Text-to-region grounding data
+ + + + +

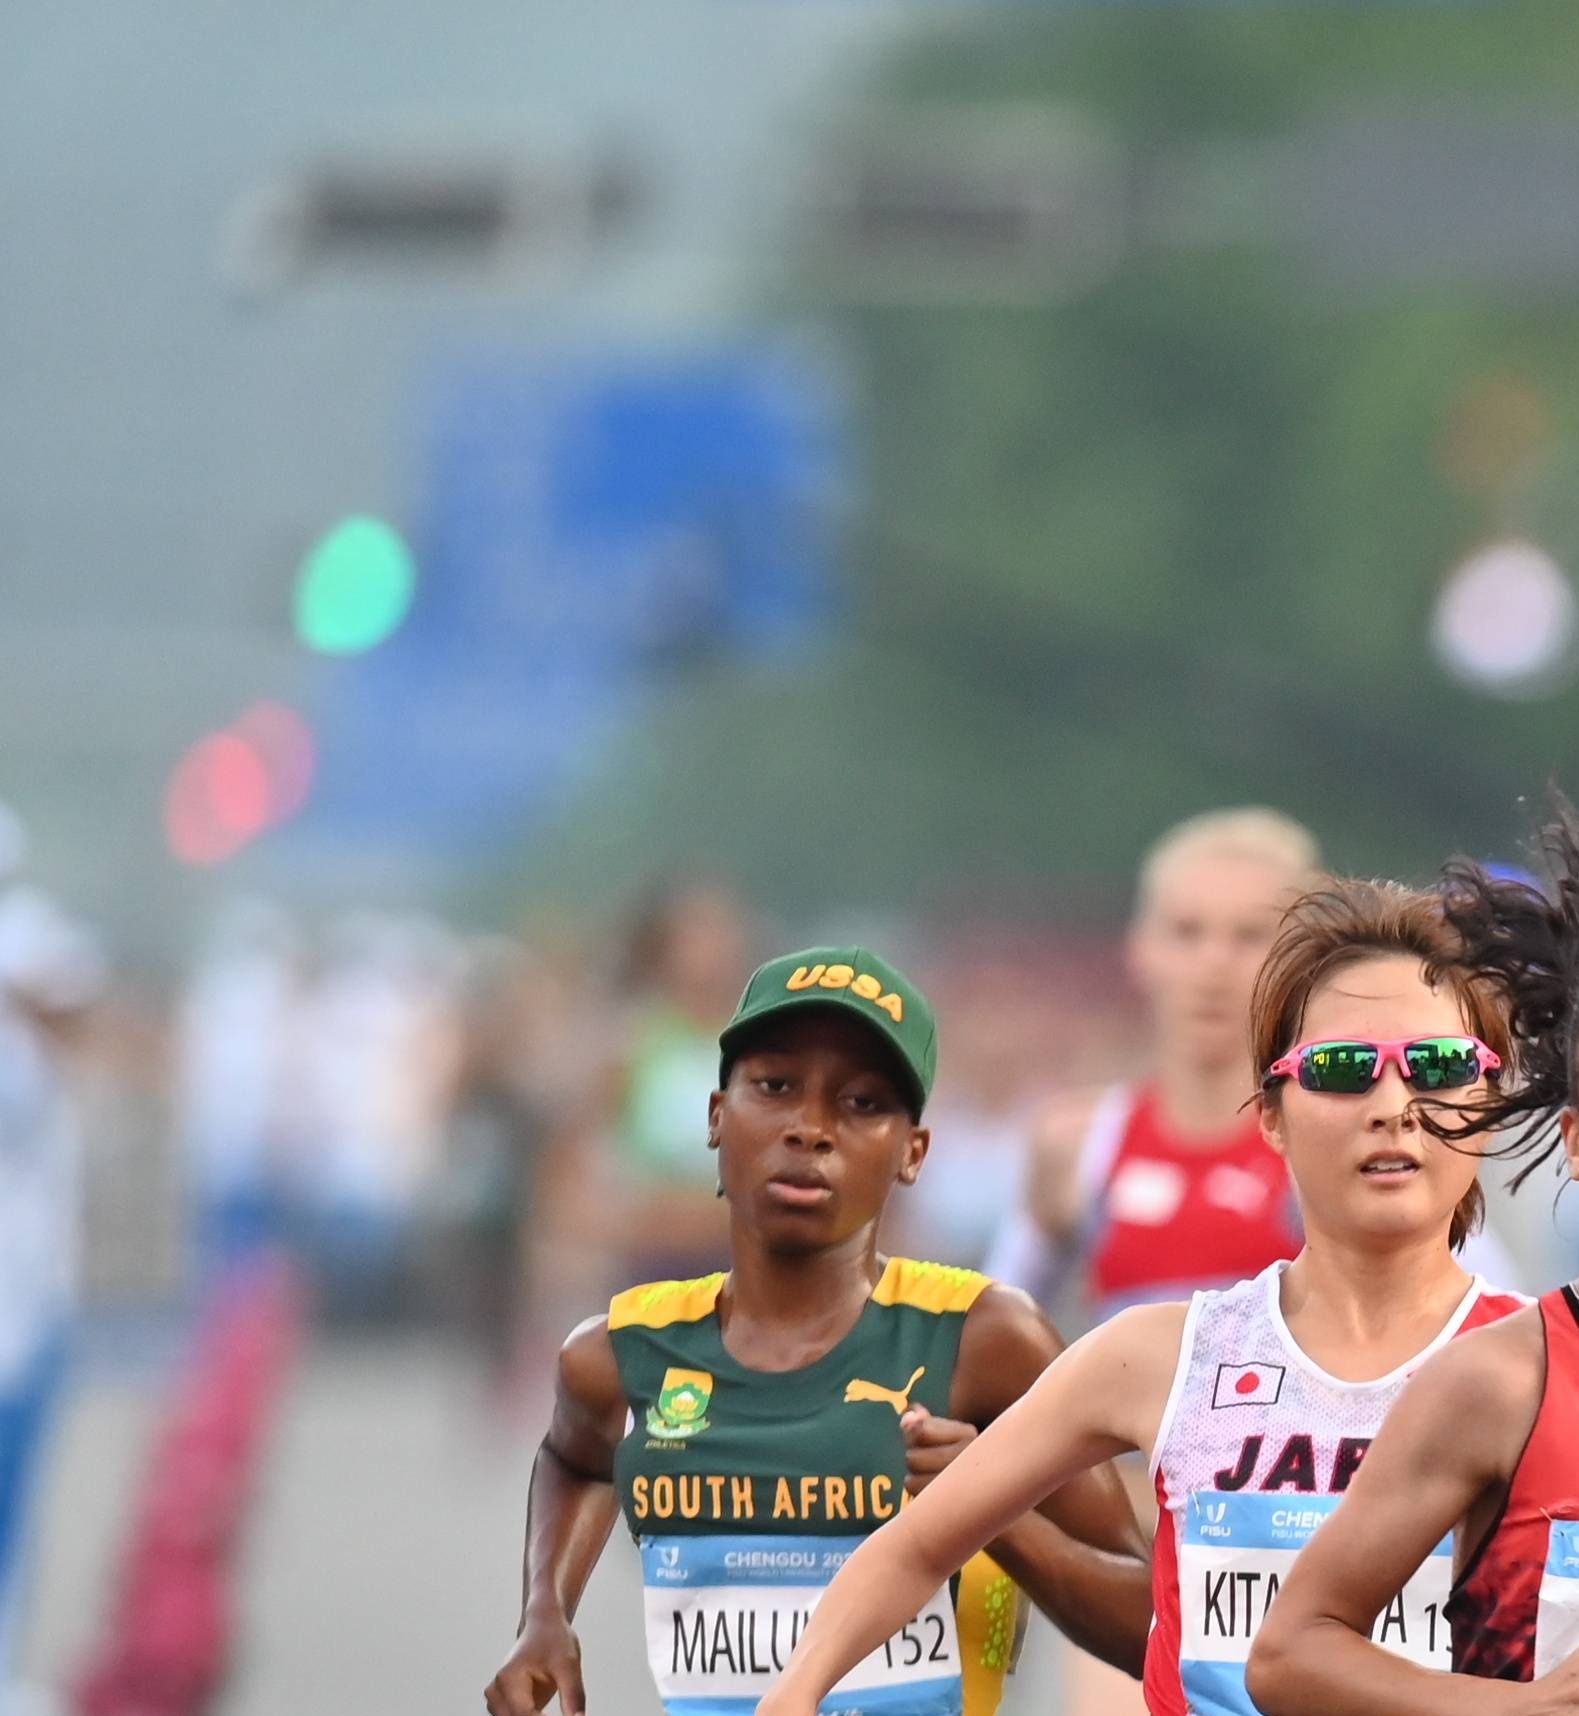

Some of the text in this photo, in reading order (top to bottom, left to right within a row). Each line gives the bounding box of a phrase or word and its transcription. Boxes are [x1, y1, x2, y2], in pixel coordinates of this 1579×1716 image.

[786, 964, 902, 1023] USSA
[1214, 1434, 1374, 1493] JAP
[633, 1475, 754, 1519] SOUTH
[1199, 1526, 1231, 1538] FISU
[1271, 1510, 1329, 1527] CHEN
[656, 1568, 688, 1579] FISU
[724, 1551, 817, 1568] CHENGDU
[672, 1609, 949, 1674] MAILU 152
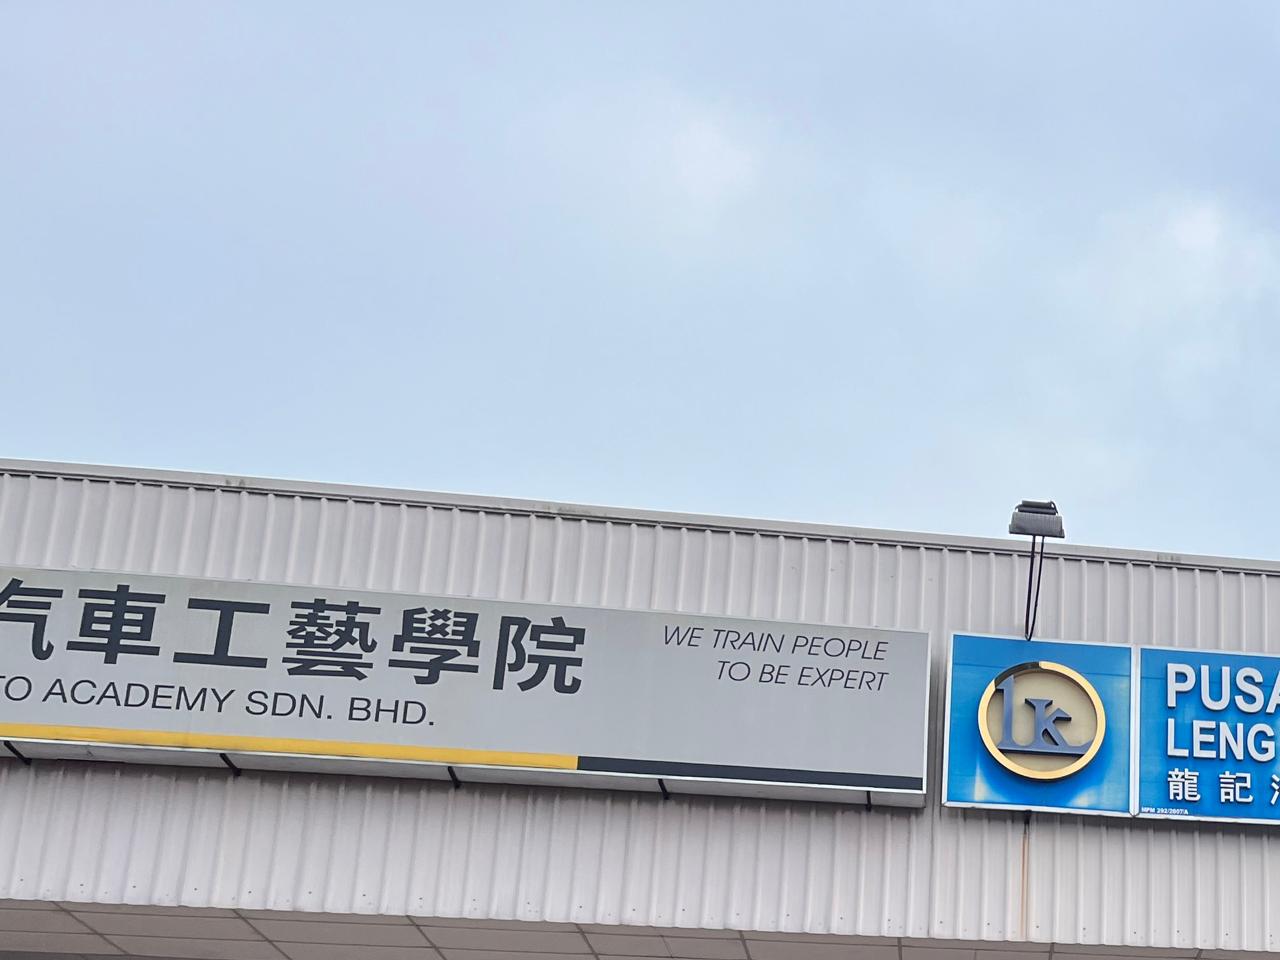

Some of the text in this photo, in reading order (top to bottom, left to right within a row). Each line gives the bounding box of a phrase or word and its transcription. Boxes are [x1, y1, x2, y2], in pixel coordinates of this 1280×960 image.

[664, 625, 889, 661] WE TRAIN PEOPLE
[717, 660, 889, 691] TO BE EXPERT
[0, 675, 435, 726] O ACADEMY SDN. BHD.
[1167, 718, 1275, 763] LENG

+ + + + +

- [Problem description] Output the data above in full. Skip every picture.

- [Written answer]
Some of the text in this photo, in reading order (top to bottom, left to right within a row). Each line gives the bounding box of a phrase or word and its transcription. Boxes are [x1, y1, x2, y2], in pixel coordinates of this 1579×1716 image.

[786, 964, 902, 1023] USSA
[1214, 1434, 1374, 1493] JAP
[633, 1475, 754, 1519] SOUTH
[1199, 1526, 1231, 1538] FISU
[1271, 1510, 1329, 1527] CHEN
[656, 1568, 688, 1579] FISU
[724, 1551, 817, 1568] CHENGDU
[672, 1609, 949, 1674] MAILU 152

Some of the text in this photo, in reading order (top to bottom, left to right within a row). Each line gives the bounding box of a phrase or word and its transcription. Boxes are [x1, y1, x2, y2], in pixel coordinates of this 1280×960 image.

[664, 625, 889, 661] WE TRAIN PEOPLE
[717, 660, 889, 691] TO BE EXPERT
[0, 675, 435, 726] O ACADEMY SDN. BHD.
[1167, 718, 1275, 763] LENG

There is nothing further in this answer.